ニック・チョン、エディ・ポンが厳しいトレーニングを経て、見事な肉体とアクションを見せる。「ビースト・ストーカー 証人」(08)、「コンシェンス 裏切りの炎」(10)、「密告・者」(10)、「ブラッド・ウェポン」(12)など骨太な物語が得意な監督が、その手腕をいかんなく発揮した作品だ。

──主演のニック・チョンは、監督の「ビースト・ストーカー 証人」で、見違えるような演技を見せた。何が転機になったと思うか。

彼とは2001年に知り合い、コメディー映画(「走投有路」)を撮った。とても楽しかったが、あんな厳粛な芝居で喜劇に出る俳優は初めてで、とても驚いた。その後もたびたびやり取りがあり、「証人」に至った。

彼はどこかでチャンスを待っていたのではないか。しっかりした演技、それまでと違う自分を見せたかったのでは。自分の殻を打ち破り、コメディー専門のイメージを変えたかったのだろう。「証人」では、ためにためたものを一気に爆発させたようだった。「証人」が転機に見えるのは、そのせいかもしれない。

──以後続けて起用している理由は。

彼と私は物の考え方がよく似ている。長い付き合いで、監督と俳優として互いを信じている。文字や言葉で表せない信頼だ。だから私は「彼にはこれができるはず」と考えるだけでいい。逆に彼は私の作品に出ることで、それまでと違う効果を期待している。私にとって彼も、想像以上のことを見せてくれる俳優だ。だから起用を続けている。

──監督の作品は男と男の物語だったり、失敗を背負った人間が主人公であることが多い。なぜか。

私の人生観に関連している。人は誰でも失敗や困難、問題を経験する。しかもそれらは常に身の回りで起きる。人生で前に進むためには、困難をいかに克服するかが大切だ。人が困難を打ち破る状況が大好きなんだ。だから結果的に物語がそうなるのだと思う。

──脚本家のジャック・ンとは、どんな形で物語を作っていくのか。

だいたい私がアイデアを思いつき、彼に話して書いてもらうことが多い。彼は学校を出た直後から私と一緒に働いている。非常に重要なパートナーだ。感覚や情景などさまざまなことを話し合う。「ブラッド・ウェポン」(12)以降は私も書きたくなり、自分で書くことも増えた。

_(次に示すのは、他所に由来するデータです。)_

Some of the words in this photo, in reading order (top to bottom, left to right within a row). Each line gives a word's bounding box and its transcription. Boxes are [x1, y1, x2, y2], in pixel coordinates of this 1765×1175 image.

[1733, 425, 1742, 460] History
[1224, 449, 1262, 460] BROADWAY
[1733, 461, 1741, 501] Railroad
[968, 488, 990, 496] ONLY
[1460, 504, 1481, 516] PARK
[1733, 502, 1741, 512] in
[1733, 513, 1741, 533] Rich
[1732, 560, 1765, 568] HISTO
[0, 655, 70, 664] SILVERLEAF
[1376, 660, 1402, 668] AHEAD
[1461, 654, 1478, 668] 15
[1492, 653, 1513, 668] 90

──監督の作品は社会派の側面を持ちつつ、娯楽作品として楽しめる。香港映画界を取り巻く環境は変わり続けているが、「こういう映画は撮りたくない」と考えることはあるか。

テーマは自分で考えるものだ。人から与えられたテーマは撮れない。あくまで自分が思いついた話で映画を作る。どんな方向性であれ、人から押し付けられたものは撮れない。「中国でも、香港でも、日本でも売りたい」と考えて撮るのでは、結局混乱するだけだ。中国なら中国だけ考えればいい。次の(香港で起きた警官殺害事件が題材の)「魔警(原題)」は、中国当局の検閲をパスしないかもしれないが、まずは作ってみる。通らないなら仕方がない。

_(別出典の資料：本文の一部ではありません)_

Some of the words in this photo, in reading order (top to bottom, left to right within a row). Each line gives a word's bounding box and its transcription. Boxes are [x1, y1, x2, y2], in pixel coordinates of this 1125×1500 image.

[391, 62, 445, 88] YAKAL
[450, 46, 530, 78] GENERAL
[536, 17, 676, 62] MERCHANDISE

市場を先に考えるのではなく、自分の感性に従い、冷静に物語を作っている。あくまで自分が何を見せたいかが重要だ。商業的に撮るのもいいし、中国に合わせて撮るのもいいが、自分の発想でなければ意味がない。いい映画に地域性はなく、どこの国の人が見ても面白いものだ。

──監督自身が好きな映画監督や作品は。

リンゴ・ラム(林嶺東)監督の作品。好きでよく見てきた。中国の検閲制度がなければ、僕の方がもっと激しい作品を撮るかもしれないね(笑)。(文/遠海安)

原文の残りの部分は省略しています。